PROBLEM REQUIREMENTS - The entries below must be transcribed exactly. Leave nothing out.

PROVIDED RECORDS -
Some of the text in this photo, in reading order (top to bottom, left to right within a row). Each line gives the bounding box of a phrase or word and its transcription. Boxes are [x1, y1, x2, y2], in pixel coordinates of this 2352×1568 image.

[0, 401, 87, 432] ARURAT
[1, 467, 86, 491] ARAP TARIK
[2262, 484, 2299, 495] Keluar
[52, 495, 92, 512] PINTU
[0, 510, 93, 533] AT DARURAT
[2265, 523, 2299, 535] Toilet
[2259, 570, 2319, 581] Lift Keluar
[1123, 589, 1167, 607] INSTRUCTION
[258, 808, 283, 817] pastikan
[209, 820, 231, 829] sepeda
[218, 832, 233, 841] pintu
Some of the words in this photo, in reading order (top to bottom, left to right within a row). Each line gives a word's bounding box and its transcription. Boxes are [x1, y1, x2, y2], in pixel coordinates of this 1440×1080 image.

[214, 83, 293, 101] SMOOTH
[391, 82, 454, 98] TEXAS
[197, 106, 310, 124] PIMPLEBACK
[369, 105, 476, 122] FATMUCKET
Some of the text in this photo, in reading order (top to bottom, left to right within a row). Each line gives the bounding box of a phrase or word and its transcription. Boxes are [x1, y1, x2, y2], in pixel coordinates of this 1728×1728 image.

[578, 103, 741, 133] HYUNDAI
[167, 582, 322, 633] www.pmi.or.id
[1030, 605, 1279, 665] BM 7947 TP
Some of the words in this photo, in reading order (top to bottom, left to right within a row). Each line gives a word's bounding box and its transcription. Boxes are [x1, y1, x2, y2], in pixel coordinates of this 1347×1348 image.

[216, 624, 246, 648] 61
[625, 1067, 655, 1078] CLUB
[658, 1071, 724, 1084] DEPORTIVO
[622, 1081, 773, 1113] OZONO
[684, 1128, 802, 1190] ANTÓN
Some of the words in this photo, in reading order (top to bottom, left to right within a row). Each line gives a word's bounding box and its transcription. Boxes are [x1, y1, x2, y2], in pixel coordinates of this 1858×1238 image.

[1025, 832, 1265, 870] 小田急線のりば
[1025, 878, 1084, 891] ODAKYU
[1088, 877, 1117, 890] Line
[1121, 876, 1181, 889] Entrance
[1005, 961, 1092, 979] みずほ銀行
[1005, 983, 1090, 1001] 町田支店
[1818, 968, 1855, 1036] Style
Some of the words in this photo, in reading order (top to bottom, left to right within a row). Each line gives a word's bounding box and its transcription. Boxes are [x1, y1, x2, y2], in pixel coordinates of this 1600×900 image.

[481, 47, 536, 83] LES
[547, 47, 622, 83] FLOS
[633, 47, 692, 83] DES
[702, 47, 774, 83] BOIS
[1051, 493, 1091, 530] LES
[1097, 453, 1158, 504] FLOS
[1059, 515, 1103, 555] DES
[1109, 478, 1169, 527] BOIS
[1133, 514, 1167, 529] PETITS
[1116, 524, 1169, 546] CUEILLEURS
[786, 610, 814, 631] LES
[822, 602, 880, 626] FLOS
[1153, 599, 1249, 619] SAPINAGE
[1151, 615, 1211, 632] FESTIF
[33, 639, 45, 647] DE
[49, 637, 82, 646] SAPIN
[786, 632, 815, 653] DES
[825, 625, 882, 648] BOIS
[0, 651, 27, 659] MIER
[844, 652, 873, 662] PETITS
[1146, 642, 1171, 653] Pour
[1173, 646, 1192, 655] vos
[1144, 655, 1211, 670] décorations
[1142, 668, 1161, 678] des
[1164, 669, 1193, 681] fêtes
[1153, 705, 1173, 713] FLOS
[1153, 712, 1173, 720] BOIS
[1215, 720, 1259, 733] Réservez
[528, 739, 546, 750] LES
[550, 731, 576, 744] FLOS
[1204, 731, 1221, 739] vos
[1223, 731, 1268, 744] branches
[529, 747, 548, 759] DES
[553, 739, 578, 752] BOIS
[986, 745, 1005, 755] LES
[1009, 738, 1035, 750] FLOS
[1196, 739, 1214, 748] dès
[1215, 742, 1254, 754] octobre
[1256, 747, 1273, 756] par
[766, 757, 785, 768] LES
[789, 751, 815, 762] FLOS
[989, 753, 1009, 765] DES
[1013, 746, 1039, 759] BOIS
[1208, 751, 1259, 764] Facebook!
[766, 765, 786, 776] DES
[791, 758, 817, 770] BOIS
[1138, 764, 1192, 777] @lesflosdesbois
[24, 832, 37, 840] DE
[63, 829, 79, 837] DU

REPLY TO THE EXERCISE -
Some of the text in this photo, in reading order (top to bottom, left to right within a row). Each line gives the bounding box of a phrase or word and its transcription. Boxes are [x1, y1, x2, y2], in pixel coordinates of this 2352×1568 image.

[0, 401, 87, 432] ARURAT
[1, 467, 86, 491] ARAP TARIK
[2262, 484, 2299, 495] Keluar
[52, 495, 92, 512] PINTU
[0, 510, 93, 533] AT DARURAT
[2265, 523, 2299, 535] Toilet
[2259, 570, 2319, 581] Lift Keluar
[1123, 589, 1167, 607] INSTRUCTION
[258, 808, 283, 817] pastikan
[209, 820, 231, 829] sepeda
[218, 832, 233, 841] pintu
Some of the words in this photo, in reading order (top to bottom, left to right within a row). Each line gives a word's bounding box and its transcription. Boxes are [x1, y1, x2, y2], in pixel coordinates of this 1440×1080 image.

[214, 83, 293, 101] SMOOTH
[391, 82, 454, 98] TEXAS
[197, 106, 310, 124] PIMPLEBACK
[369, 105, 476, 122] FATMUCKET
Some of the text in this photo, in reading order (top to bottom, left to right within a row). Each line gives the bounding box of a phrase or word and its transcription. Boxes are [x1, y1, x2, y2], in pixel coordinates of this 1728×1728 image.

[578, 103, 741, 133] HYUNDAI
[167, 582, 322, 633] www.pmi.or.id
[1030, 605, 1279, 665] BM 7947 TP
Some of the words in this photo, in reading order (top to bottom, left to right within a row). Each line gives a word's bounding box and its transcription. Boxes are [x1, y1, x2, y2], in pixel coordinates of this 1347×1348 image.

[216, 624, 246, 648] 61
[625, 1067, 655, 1078] CLUB
[658, 1071, 724, 1084] DEPORTIVO
[622, 1081, 773, 1113] OZONO
[684, 1128, 802, 1190] ANTÓN
Some of the words in this photo, in reading order (top to bottom, left to right within a row). Each line gives a word's bounding box and its transcription. Boxes are [x1, y1, x2, y2], in pixel coordinates of this 1858×1238 image.

[1025, 832, 1265, 870] 小田急線のりば
[1025, 878, 1084, 891] ODAKYU
[1088, 877, 1117, 890] Line
[1121, 876, 1181, 889] Entrance
[1005, 961, 1092, 979] みずほ銀行
[1005, 983, 1090, 1001] 町田支店
[1818, 968, 1855, 1036] Style
Some of the words in this photo, in reading order (top to bottom, left to right within a row). Each line gives a word's bounding box and its transcription. Boxes are [x1, y1, x2, y2], in pixel coordinates of this 1600×900 image.

[481, 47, 536, 83] LES
[547, 47, 622, 83] FLOS
[633, 47, 692, 83] DES
[702, 47, 774, 83] BOIS
[1051, 493, 1091, 530] LES
[1097, 453, 1158, 504] FLOS
[1059, 515, 1103, 555] DES
[1109, 478, 1169, 527] BOIS
[1133, 514, 1167, 529] PETITS
[1116, 524, 1169, 546] CUEILLEURS
[786, 610, 814, 631] LES
[822, 602, 880, 626] FLOS
[1153, 599, 1249, 619] SAPINAGE
[1151, 615, 1211, 632] FESTIF
[33, 639, 45, 647] DE
[49, 637, 82, 646] SAPIN
[786, 632, 815, 653] DES
[825, 625, 882, 648] BOIS
[0, 651, 27, 659] MIER
[844, 652, 873, 662] PETITS
[1146, 642, 1171, 653] Pour
[1173, 646, 1192, 655] vos
[1144, 655, 1211, 670] décorations
[1142, 668, 1161, 678] des
[1164, 669, 1193, 681] fêtes
[1153, 705, 1173, 713] FLOS
[1153, 712, 1173, 720] BOIS
[1215, 720, 1259, 733] Réservez
[528, 739, 546, 750] LES
[550, 731, 576, 744] FLOS
[1204, 731, 1221, 739] vos
[1223, 731, 1268, 744] branches
[529, 747, 548, 759] DES
[553, 739, 578, 752] BOIS
[986, 745, 1005, 755] LES
[1009, 738, 1035, 750] FLOS
[1196, 739, 1214, 748] dès
[1215, 742, 1254, 754] octobre
[1256, 747, 1273, 756] par
[766, 757, 785, 768] LES
[789, 751, 815, 762] FLOS
[989, 753, 1009, 765] DES
[1013, 746, 1039, 759] BOIS
[1208, 751, 1259, 764] Facebook!
[766, 765, 786, 776] DES
[791, 758, 817, 770] BOIS
[1138, 764, 1192, 777] @lesflosdesbois
[24, 832, 37, 840] DE
[63, 829, 79, 837] DU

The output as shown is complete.